What’s The Skinny on the World’s Skinniest Commercial Building?
The future and preservation of this Pittsburgh icon is secure, thanks to a pending sale to PNC Bank.
Shoehorned into an impossibly narrow lot at the corner of Forbes Avenue and Wood Street is one of Pittsburgh’s oddest urban curiosities.
The Skinny Building, a vacant storefront PNC Bank is purchasing for $1.3 million, along with the larger Roberts Building behind it, from the Urban Redevelopment Authority, is 80 feet long but just 5 feet, 2 inches wide, making it arguably the world’s narrowest commercial building. (A shop in Vancouver, British Columbia, contests the claim with a footprint just 4-feet, 11-inches deep, but that building’s second floor bulges to 6 feet.)

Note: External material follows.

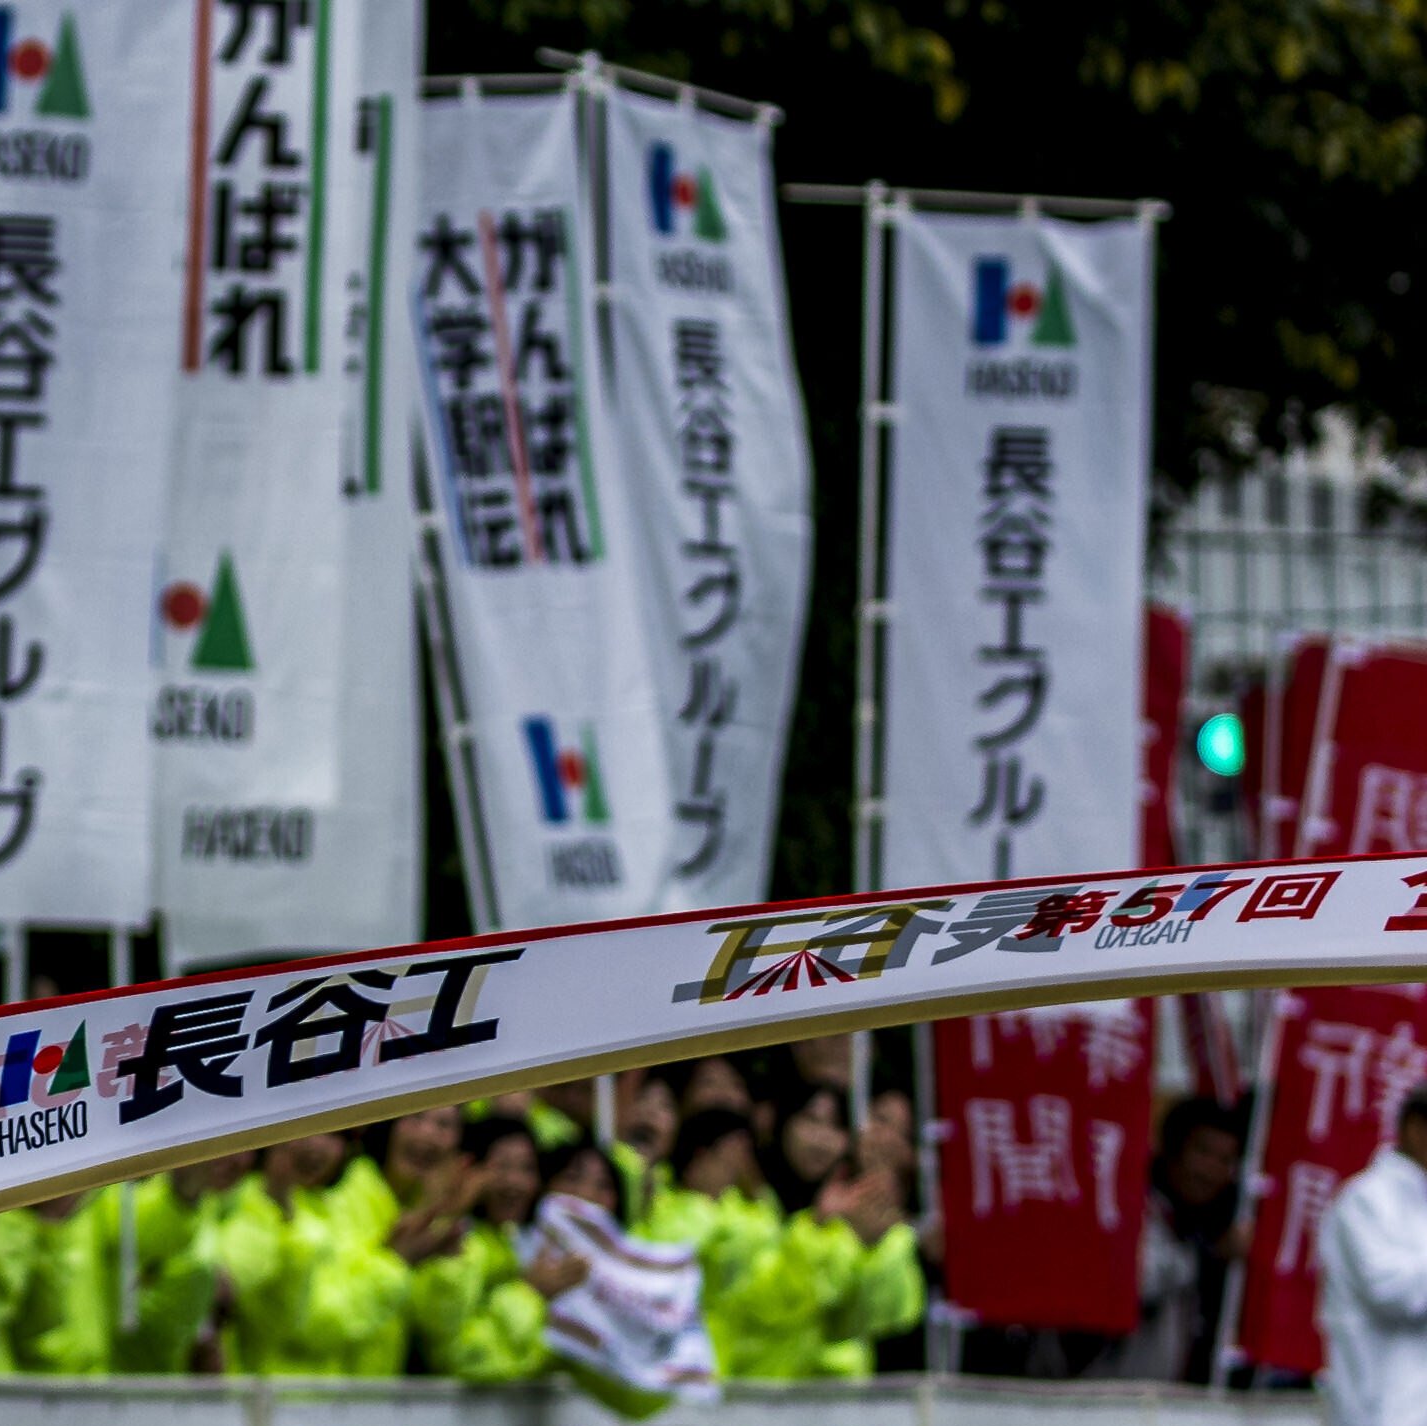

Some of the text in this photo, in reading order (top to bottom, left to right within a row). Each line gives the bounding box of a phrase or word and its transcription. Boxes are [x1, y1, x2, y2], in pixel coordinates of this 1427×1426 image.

In any case, the bizarre proportions of the Skinny Building are only part of its historic importance. Shortly after it opened in 1926, its upper two floors housed the Lincoln Restaurant, whose cramped tables for two were the sole place Downtown where Black patrons were permitted to sit down for dinner. The building’s original owner, Louis Hendel, was an early Civil Rights pioneer and a leader in the city’s Jewish community.
“Pittsburgh’s iconic Skinny Building holds an important place in our city’s architectural history, and in the history of Black people in our city. That is a history that deserves to be protected and remembered,” says Pittsburgh Mayor Ed Gainey.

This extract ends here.